Constitutional changes of 1851 and 1912 did not affect the office of the coroner. It was not until 1921 that the coroner was empowered to perform autopsies and then only upon authorization by the county prosecutor. In the same act, the coroner was granted discretionary powers toward holding formal inquests, and he was directed to investigate deaths supposed to have been caused by unlawful or suspicious means. In the same year, a bill was enacted requiring that in counties with a population of a hundred thousand or more, no person should be eligible for election to the office of coroner except a physician of good standing in his profession. In 1937, the same qualifications for eligibility were established for coroners in all Ohio counties. In 1936, the term of office was increased to four years. In 1945, by act of legislature, the statutes governing the office of coroner were revised to the extent that the Ohio law in this respect is now considered an example for providing modern medico legal investigation in a democracy. Some of these revisions include: specific definitions of duties and authority; remuneration by salary rather than fees for all coroners; authorizing a plan whereby coroners in counties without established pathological services may obtain same from counties with such facilities at a fee commensurate with the actual cost of time and materials used.

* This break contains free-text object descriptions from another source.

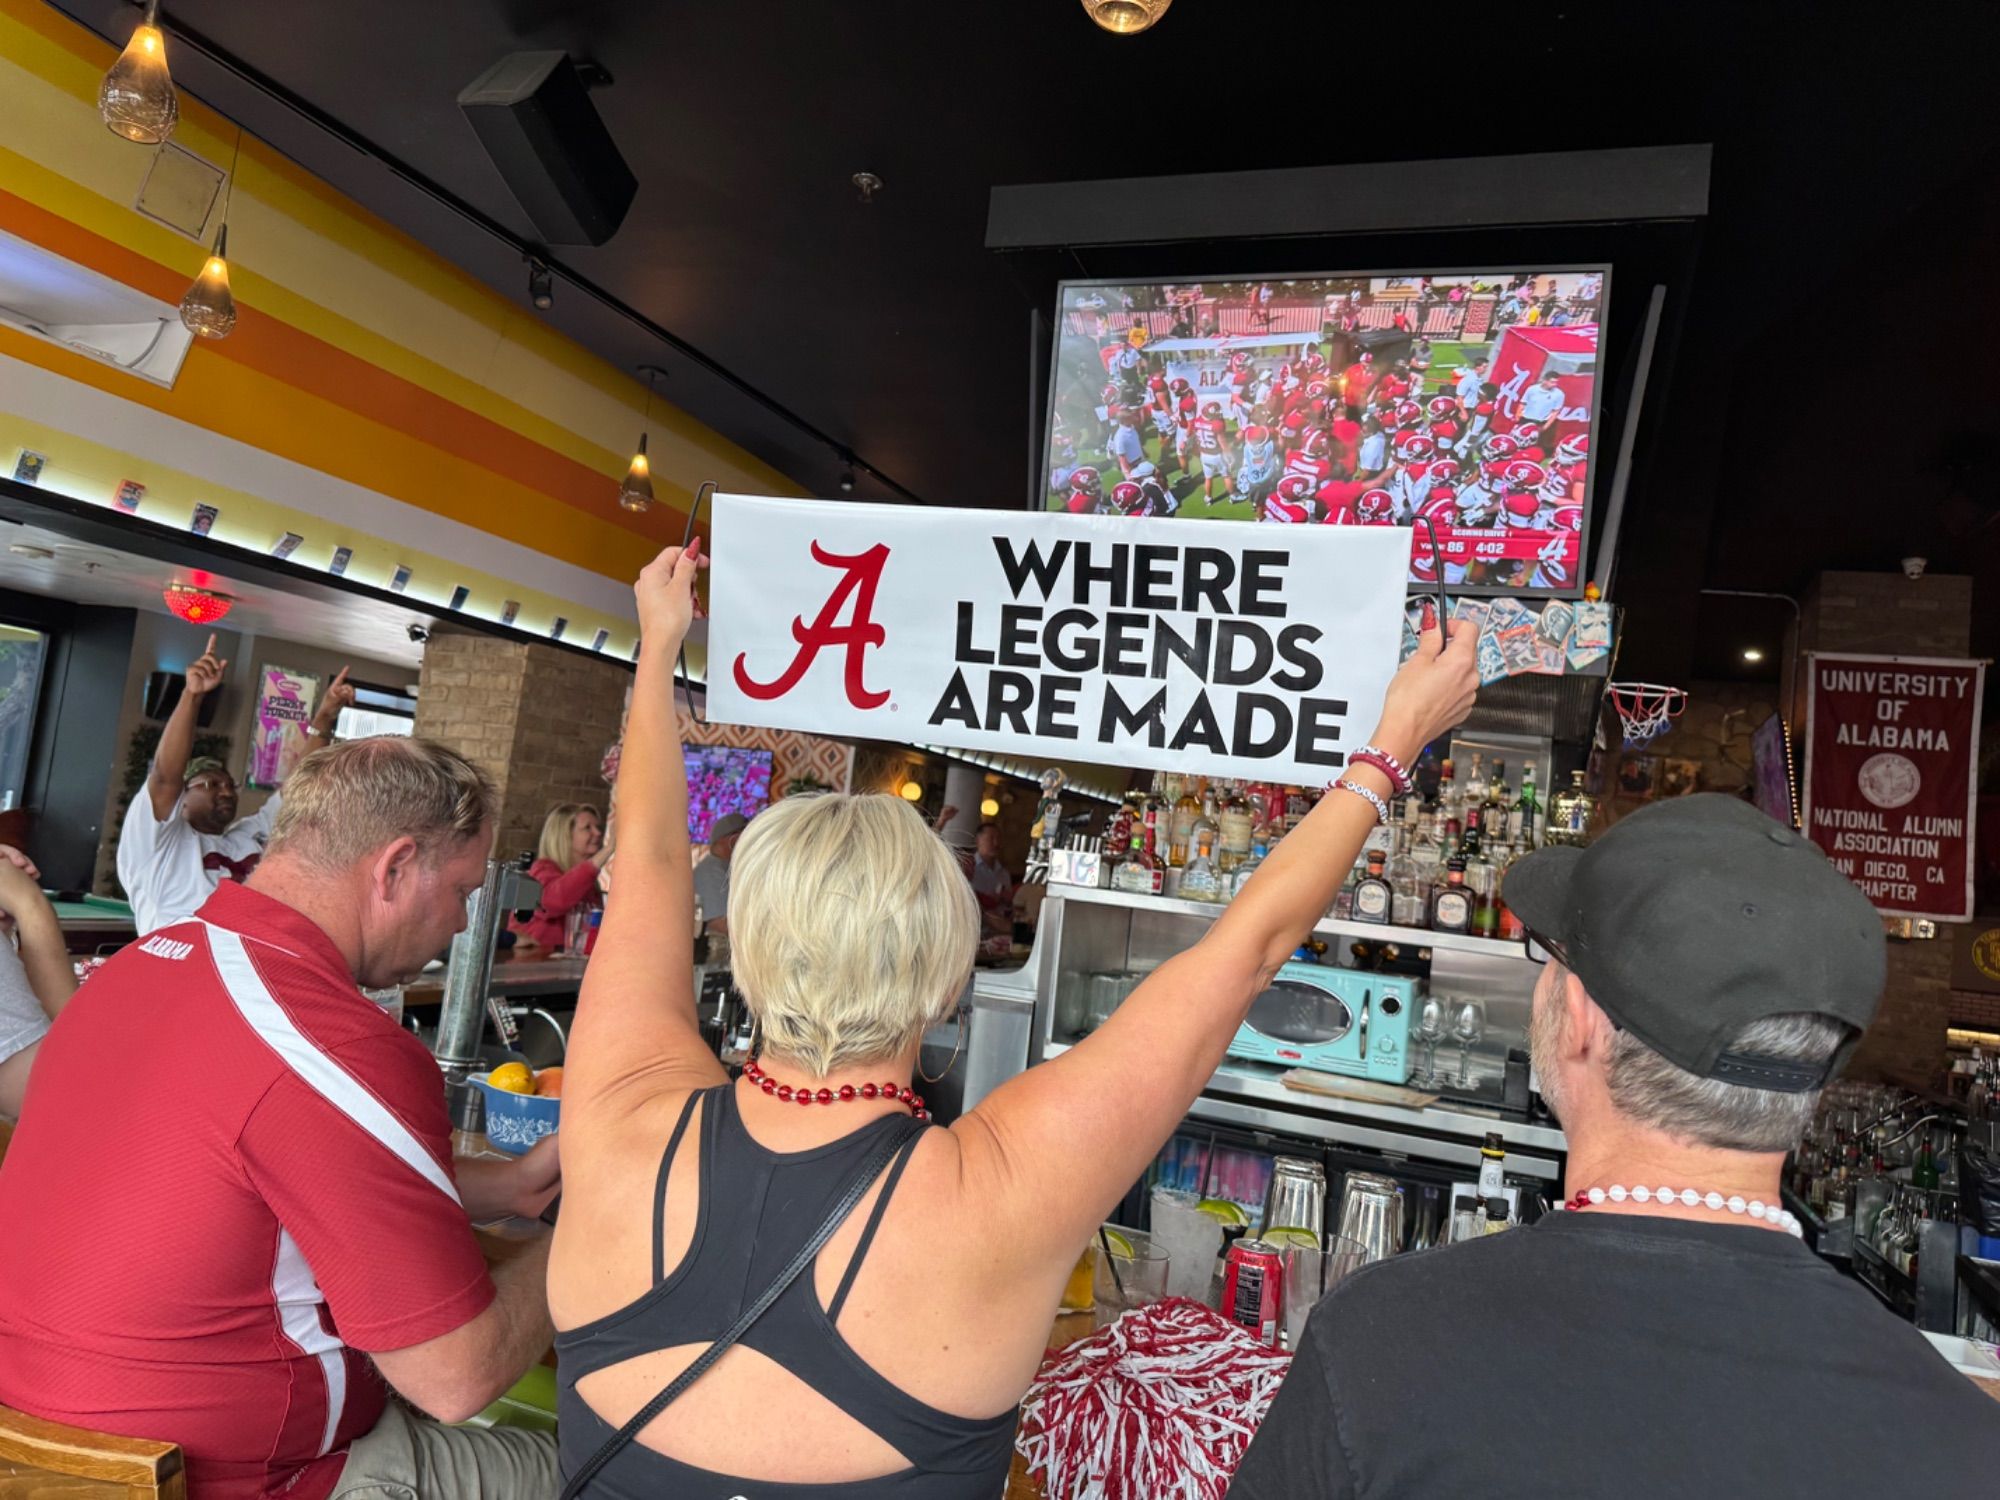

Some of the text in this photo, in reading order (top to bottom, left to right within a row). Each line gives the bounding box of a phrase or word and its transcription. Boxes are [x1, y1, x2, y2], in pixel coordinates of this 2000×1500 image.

[1475, 542, 1505, 554] 4:02
[992, 536, 1289, 618] WHERE
[734, 541, 891, 711] A
[954, 600, 1323, 692] LEGENDS
[1822, 669, 1968, 699] UNIVERSITY
[927, 666, 1348, 768] ARE MADE
[1877, 699, 1909, 721] OF
[1836, 723, 1949, 752] ALABAMA
[1814, 807, 1963, 838] NATIONAL ALUMNI
[1833, 831, 1940, 859] ASSOCIATION
[1864, 860, 1910, 882] DIEGO,
[1926, 866, 1945, 884] CA
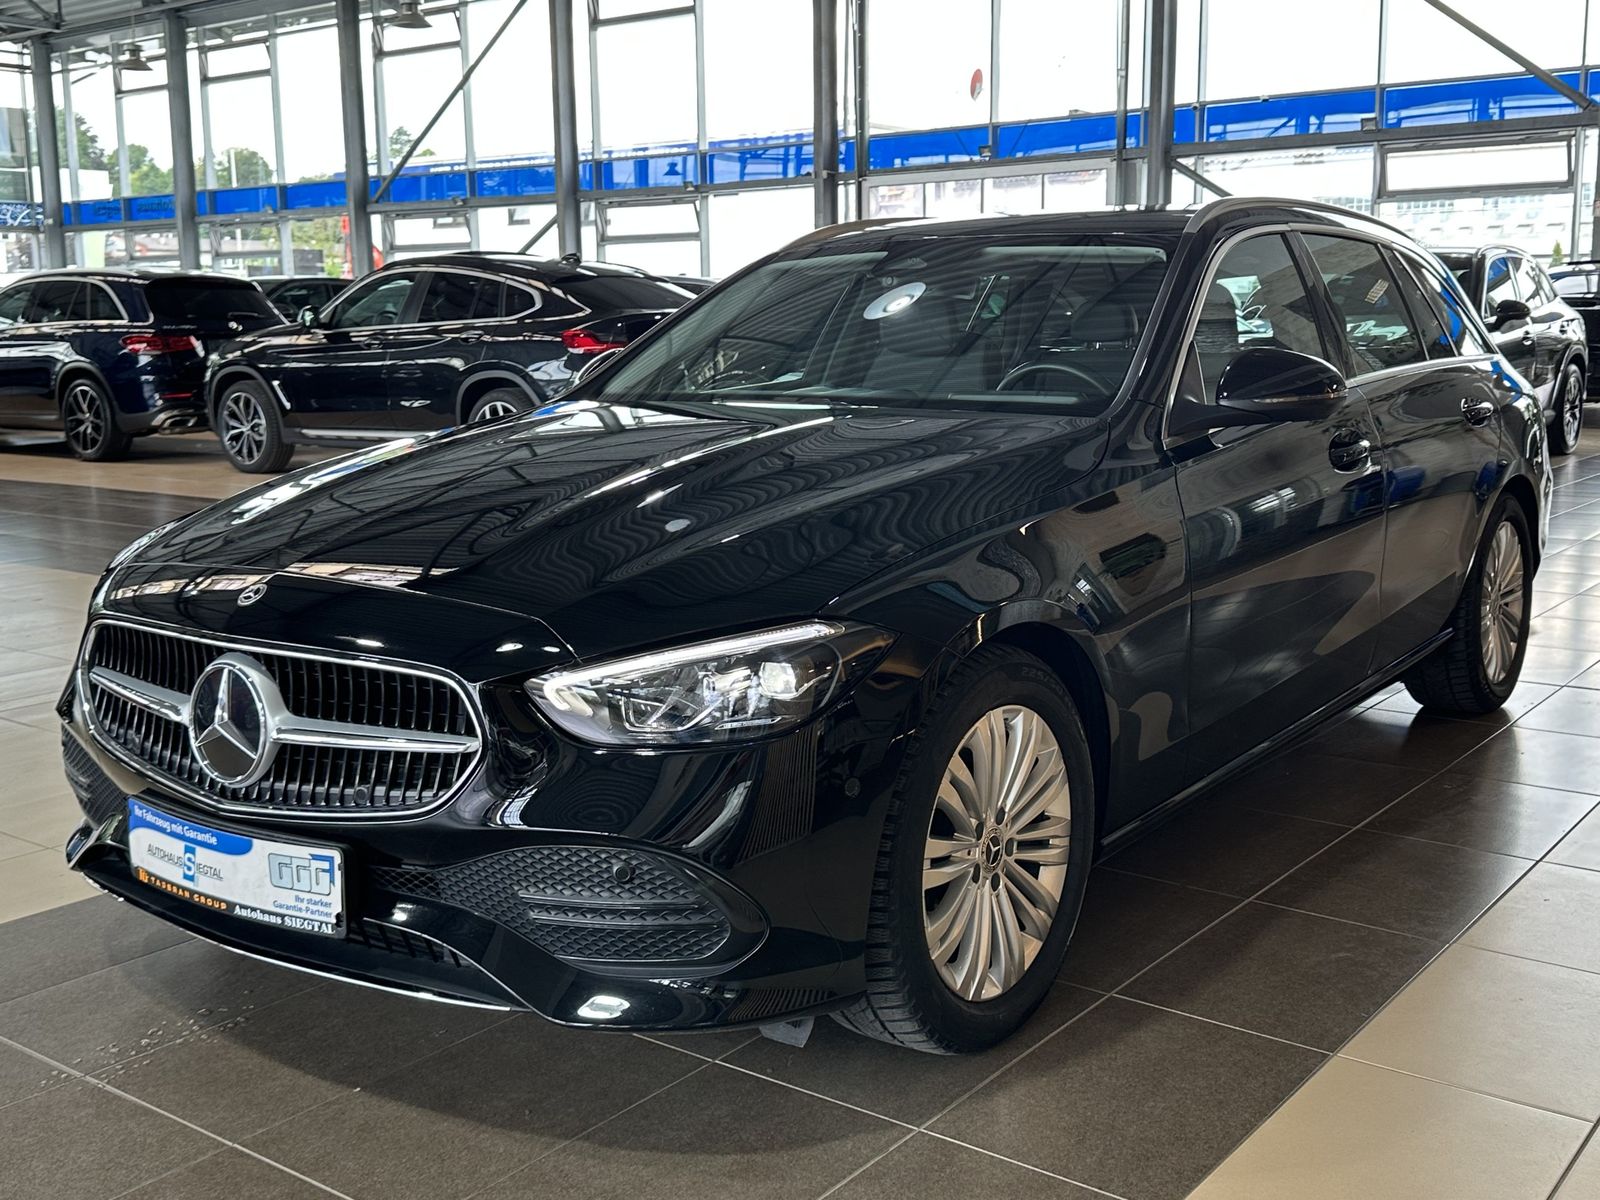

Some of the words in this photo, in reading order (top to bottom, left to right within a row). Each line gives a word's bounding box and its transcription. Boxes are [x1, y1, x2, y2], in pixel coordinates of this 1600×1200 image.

The Coroner and Medico Legal Investigation
The Coroner is charged by law with the responsibility of determining the cause, mode and manner of death. The determination of the anatomic cause of death is a medical aspect while the legal interest is all inclusive and requires that all factors of causation, the mode and manner, as well as the anatomic cause of death, be established. The two aspects are so interrelated that they cannot be separated; therefore, equal consideration must be given to the medical and legal phases of investigation. This required a specialized discipline correlating knowledge of law and medicine in a medico legal investigation.

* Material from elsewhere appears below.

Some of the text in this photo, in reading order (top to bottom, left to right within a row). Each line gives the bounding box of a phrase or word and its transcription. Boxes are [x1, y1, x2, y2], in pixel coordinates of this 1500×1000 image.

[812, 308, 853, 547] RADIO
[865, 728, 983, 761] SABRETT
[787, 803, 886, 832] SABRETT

As an illustration, consider a medical examination performed merely to determine the anatomic cause of death. In such a case it would be sufficient to establish that a penetrating wound in the heart was the immediate cause of death. However, to determine the mode of death, it would be necessary to establish whether that wound was caused by a bullet or a sharp instrument. A thorough autopsy for medico legal purposes would reveal evidence to make this determination. The next question of legal importance is the manner of death; in other words, how was this wound inflicted or sustained? Was it self-inflicted? If so, was it intentional – that is to say, suicidal – or was it accidental? If inflicted by another person, was it accidental or was it homicidal? Investigation of the scene where the injury was sustained, examination of the evidence found there and statements of witnesses would furnish information as to the circumstances of the incident. Examination of the clothing of the victim as well as thorough study of the body would yield evidence which could be used to test the reliability of the conclusions based on investigation of the scene and interrogation of witnesses.
The above illustration is a general example of one type of case where investigations must be correlated in order to arrive at a just decision. In other instances, it may be necessary to acquire information from attending physicians, hospital records, and those acquainted with the decedent. The police, other investigative agencies, and the coroner must work in close cooperation with one another.